┌────────
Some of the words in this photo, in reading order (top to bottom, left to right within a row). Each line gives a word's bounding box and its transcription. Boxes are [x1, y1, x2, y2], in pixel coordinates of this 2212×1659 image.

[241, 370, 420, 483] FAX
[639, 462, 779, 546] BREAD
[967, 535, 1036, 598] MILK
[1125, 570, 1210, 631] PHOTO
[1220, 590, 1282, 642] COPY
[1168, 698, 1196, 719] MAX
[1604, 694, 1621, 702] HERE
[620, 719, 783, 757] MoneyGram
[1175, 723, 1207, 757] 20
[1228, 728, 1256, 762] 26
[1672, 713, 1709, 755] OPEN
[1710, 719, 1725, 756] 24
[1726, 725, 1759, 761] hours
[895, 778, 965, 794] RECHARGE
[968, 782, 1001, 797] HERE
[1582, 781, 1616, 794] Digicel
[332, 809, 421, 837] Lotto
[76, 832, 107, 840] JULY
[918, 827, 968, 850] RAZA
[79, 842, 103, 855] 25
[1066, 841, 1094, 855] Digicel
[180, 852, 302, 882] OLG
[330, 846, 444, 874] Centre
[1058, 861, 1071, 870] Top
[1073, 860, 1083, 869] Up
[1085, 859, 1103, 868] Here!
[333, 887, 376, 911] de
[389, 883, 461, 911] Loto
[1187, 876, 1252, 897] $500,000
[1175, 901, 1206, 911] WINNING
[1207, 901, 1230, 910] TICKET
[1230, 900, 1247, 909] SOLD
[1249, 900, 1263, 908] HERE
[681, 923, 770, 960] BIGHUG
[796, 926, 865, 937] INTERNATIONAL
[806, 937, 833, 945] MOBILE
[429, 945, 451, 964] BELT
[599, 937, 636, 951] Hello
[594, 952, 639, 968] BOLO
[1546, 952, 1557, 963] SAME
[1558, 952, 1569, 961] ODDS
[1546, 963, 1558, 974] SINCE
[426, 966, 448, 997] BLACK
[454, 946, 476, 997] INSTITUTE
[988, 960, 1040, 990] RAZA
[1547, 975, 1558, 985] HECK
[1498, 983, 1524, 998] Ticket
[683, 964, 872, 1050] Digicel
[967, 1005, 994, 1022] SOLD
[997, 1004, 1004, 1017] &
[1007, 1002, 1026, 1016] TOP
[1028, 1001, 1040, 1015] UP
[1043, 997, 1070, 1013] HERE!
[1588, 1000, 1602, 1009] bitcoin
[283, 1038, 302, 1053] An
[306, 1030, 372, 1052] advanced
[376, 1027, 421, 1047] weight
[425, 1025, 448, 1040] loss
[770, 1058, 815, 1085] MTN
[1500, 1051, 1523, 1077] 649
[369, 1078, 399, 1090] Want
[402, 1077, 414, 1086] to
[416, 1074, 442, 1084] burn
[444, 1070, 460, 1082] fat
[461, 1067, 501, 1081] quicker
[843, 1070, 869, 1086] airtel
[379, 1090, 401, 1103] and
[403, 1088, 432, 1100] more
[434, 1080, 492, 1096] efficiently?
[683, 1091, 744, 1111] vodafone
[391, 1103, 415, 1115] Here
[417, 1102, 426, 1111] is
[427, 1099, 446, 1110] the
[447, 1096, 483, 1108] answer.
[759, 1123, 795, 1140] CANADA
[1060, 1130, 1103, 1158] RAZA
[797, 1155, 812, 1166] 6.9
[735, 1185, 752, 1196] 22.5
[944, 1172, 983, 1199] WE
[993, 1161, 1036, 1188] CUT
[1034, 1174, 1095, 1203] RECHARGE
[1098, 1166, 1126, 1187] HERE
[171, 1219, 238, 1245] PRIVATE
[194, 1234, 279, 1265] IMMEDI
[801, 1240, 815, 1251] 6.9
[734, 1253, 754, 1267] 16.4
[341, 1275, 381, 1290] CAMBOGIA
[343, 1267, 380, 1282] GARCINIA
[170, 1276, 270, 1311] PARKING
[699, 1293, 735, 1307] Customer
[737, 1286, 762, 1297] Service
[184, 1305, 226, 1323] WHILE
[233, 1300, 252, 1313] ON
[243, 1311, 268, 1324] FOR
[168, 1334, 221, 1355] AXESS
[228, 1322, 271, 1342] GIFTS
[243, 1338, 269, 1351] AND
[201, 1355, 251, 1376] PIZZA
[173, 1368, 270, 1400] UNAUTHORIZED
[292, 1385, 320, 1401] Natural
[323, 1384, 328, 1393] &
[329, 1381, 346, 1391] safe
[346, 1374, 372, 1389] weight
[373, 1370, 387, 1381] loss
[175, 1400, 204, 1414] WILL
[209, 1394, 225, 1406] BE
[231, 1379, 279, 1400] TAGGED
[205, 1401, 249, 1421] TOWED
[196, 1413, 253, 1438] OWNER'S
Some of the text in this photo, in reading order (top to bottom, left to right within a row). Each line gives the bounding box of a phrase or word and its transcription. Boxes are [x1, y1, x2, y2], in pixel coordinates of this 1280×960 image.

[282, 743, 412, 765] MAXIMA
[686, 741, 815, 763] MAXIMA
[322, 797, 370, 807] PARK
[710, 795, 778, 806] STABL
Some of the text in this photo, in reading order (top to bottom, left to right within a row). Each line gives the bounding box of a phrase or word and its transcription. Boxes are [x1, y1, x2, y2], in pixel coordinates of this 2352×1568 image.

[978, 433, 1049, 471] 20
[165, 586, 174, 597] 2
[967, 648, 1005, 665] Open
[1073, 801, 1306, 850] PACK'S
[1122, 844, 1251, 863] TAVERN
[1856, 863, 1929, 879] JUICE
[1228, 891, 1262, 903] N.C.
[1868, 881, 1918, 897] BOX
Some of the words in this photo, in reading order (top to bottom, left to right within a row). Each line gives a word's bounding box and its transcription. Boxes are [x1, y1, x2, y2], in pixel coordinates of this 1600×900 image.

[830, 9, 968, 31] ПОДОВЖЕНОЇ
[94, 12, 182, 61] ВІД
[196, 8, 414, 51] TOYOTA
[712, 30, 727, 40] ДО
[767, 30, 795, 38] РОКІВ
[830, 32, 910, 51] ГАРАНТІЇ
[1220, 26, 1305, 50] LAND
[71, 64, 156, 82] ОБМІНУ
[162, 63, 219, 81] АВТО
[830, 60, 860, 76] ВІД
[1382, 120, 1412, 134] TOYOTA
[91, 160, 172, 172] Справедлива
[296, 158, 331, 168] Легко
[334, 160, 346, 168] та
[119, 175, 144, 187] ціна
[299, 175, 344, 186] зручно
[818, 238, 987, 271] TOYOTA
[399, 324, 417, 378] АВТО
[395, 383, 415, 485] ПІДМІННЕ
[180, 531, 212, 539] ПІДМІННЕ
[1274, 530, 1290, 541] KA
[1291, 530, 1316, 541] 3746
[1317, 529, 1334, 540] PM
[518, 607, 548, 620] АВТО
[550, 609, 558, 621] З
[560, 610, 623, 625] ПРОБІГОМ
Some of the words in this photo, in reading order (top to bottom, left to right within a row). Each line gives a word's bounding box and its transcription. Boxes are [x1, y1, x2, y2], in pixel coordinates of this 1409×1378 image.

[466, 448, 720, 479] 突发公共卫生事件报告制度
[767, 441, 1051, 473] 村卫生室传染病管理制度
└────────
▶ _Assigned task_:
Reproduce all records exactly, without omissions.

▶ _Exercise solution_:
Some of the words in this photo, in reading order (top to bottom, left to right within a row). Each line gives a word's bounding box and its transcription. Boxes are [x1, y1, x2, y2], in pixel coordinates of this 2212×1659 image.

[241, 370, 420, 483] FAX
[639, 462, 779, 546] BREAD
[967, 535, 1036, 598] MILK
[1125, 570, 1210, 631] PHOTO
[1220, 590, 1282, 642] COPY
[1168, 698, 1196, 719] MAX
[1604, 694, 1621, 702] HERE
[620, 719, 783, 757] MoneyGram
[1175, 723, 1207, 757] 20
[1228, 728, 1256, 762] 26
[1672, 713, 1709, 755] OPEN
[1710, 719, 1725, 756] 24
[1726, 725, 1759, 761] hours
[895, 778, 965, 794] RECHARGE
[968, 782, 1001, 797] HERE
[1582, 781, 1616, 794] Digicel
[332, 809, 421, 837] Lotto
[76, 832, 107, 840] JULY
[918, 827, 968, 850] RAZA
[79, 842, 103, 855] 25
[1066, 841, 1094, 855] Digicel
[180, 852, 302, 882] OLG
[330, 846, 444, 874] Centre
[1058, 861, 1071, 870] Top
[1073, 860, 1083, 869] Up
[1085, 859, 1103, 868] Here!
[333, 887, 376, 911] de
[389, 883, 461, 911] Loto
[1187, 876, 1252, 897] $500,000
[1175, 901, 1206, 911] WINNING
[1207, 901, 1230, 910] TICKET
[1230, 900, 1247, 909] SOLD
[1249, 900, 1263, 908] HERE
[681, 923, 770, 960] BIGHUG
[796, 926, 865, 937] INTERNATIONAL
[806, 937, 833, 945] MOBILE
[429, 945, 451, 964] BELT
[599, 937, 636, 951] Hello
[594, 952, 639, 968] BOLO
[1546, 952, 1557, 963] SAME
[1558, 952, 1569, 961] ODDS
[1546, 963, 1558, 974] SINCE
[426, 966, 448, 997] BLACK
[454, 946, 476, 997] INSTITUTE
[988, 960, 1040, 990] RAZA
[1547, 975, 1558, 985] HECK
[1498, 983, 1524, 998] Ticket
[683, 964, 872, 1050] Digicel
[967, 1005, 994, 1022] SOLD
[997, 1004, 1004, 1017] &
[1007, 1002, 1026, 1016] TOP
[1028, 1001, 1040, 1015] UP
[1043, 997, 1070, 1013] HERE!
[1588, 1000, 1602, 1009] bitcoin
[283, 1038, 302, 1053] An
[306, 1030, 372, 1052] advanced
[376, 1027, 421, 1047] weight
[425, 1025, 448, 1040] loss
[770, 1058, 815, 1085] MTN
[1500, 1051, 1523, 1077] 649
[369, 1078, 399, 1090] Want
[402, 1077, 414, 1086] to
[416, 1074, 442, 1084] burn
[444, 1070, 460, 1082] fat
[461, 1067, 501, 1081] quicker
[843, 1070, 869, 1086] airtel
[379, 1090, 401, 1103] and
[403, 1088, 432, 1100] more
[434, 1080, 492, 1096] efficiently?
[683, 1091, 744, 1111] vodafone
[391, 1103, 415, 1115] Here
[417, 1102, 426, 1111] is
[427, 1099, 446, 1110] the
[447, 1096, 483, 1108] answer.
[759, 1123, 795, 1140] CANADA
[1060, 1130, 1103, 1158] RAZA
[797, 1155, 812, 1166] 6.9
[735, 1185, 752, 1196] 22.5
[944, 1172, 983, 1199] WE
[993, 1161, 1036, 1188] CUT
[1034, 1174, 1095, 1203] RECHARGE
[1098, 1166, 1126, 1187] HERE
[171, 1219, 238, 1245] PRIVATE
[194, 1234, 279, 1265] IMMEDI
[801, 1240, 815, 1251] 6.9
[734, 1253, 754, 1267] 16.4
[341, 1275, 381, 1290] CAMBOGIA
[343, 1267, 380, 1282] GARCINIA
[170, 1276, 270, 1311] PARKING
[699, 1293, 735, 1307] Customer
[737, 1286, 762, 1297] Service
[184, 1305, 226, 1323] WHILE
[233, 1300, 252, 1313] ON
[243, 1311, 268, 1324] FOR
[168, 1334, 221, 1355] AXESS
[228, 1322, 271, 1342] GIFTS
[243, 1338, 269, 1351] AND
[201, 1355, 251, 1376] PIZZA
[173, 1368, 270, 1400] UNAUTHORIZED
[292, 1385, 320, 1401] Natural
[323, 1384, 328, 1393] &
[329, 1381, 346, 1391] safe
[346, 1374, 372, 1389] weight
[373, 1370, 387, 1381] loss
[175, 1400, 204, 1414] WILL
[209, 1394, 225, 1406] BE
[231, 1379, 279, 1400] TAGGED
[205, 1401, 249, 1421] TOWED
[196, 1413, 253, 1438] OWNER'S
Some of the text in this photo, in reading order (top to bottom, left to right within a row). Each line gives the bounding box of a phrase or word and its transcription. Boxes are [x1, y1, x2, y2], in pixel coordinates of this 1280×960 image.

[282, 743, 412, 765] MAXIMA
[686, 741, 815, 763] MAXIMA
[322, 797, 370, 807] PARK
[710, 795, 778, 806] STABL
Some of the text in this photo, in reading order (top to bottom, left to right within a row). Each line gives the bounding box of a phrase or word and its transcription. Boxes are [x1, y1, x2, y2], in pixel coordinates of this 2352×1568 image.

[978, 433, 1049, 471] 20
[165, 586, 174, 597] 2
[967, 648, 1005, 665] Open
[1073, 801, 1306, 850] PACK'S
[1122, 844, 1251, 863] TAVERN
[1856, 863, 1929, 879] JUICE
[1228, 891, 1262, 903] N.C.
[1868, 881, 1918, 897] BOX
Some of the words in this photo, in reading order (top to bottom, left to right within a row). Each line gives a word's bounding box and its transcription. Boxes are [x1, y1, x2, y2], in pixel coordinates of this 1600×900 image.

[830, 9, 968, 31] ПОДОВЖЕНОЇ
[94, 12, 182, 61] ВІД
[196, 8, 414, 51] TOYOTA
[712, 30, 727, 40] ДО
[767, 30, 795, 38] РОКІВ
[830, 32, 910, 51] ГАРАНТІЇ
[1220, 26, 1305, 50] LAND
[71, 64, 156, 82] ОБМІНУ
[162, 63, 219, 81] АВТО
[830, 60, 860, 76] ВІД
[1382, 120, 1412, 134] TOYOTA
[91, 160, 172, 172] Справедлива
[296, 158, 331, 168] Легко
[334, 160, 346, 168] та
[119, 175, 144, 187] ціна
[299, 175, 344, 186] зручно
[818, 238, 987, 271] TOYOTA
[399, 324, 417, 378] АВТО
[395, 383, 415, 485] ПІДМІННЕ
[180, 531, 212, 539] ПІДМІННЕ
[1274, 530, 1290, 541] KA
[1291, 530, 1316, 541] 3746
[1317, 529, 1334, 540] PM
[518, 607, 548, 620] АВТО
[550, 609, 558, 621] З
[560, 610, 623, 625] ПРОБІГОМ
Some of the words in this photo, in reading order (top to bottom, left to right within a row). Each line gives a word's bounding box and its transcription. Boxes are [x1, y1, x2, y2], in pixel coordinates of this 1409×1378 image.

[466, 448, 720, 479] 突发公共卫生事件报告制度
[767, 441, 1051, 473] 村卫生室传染病管理制度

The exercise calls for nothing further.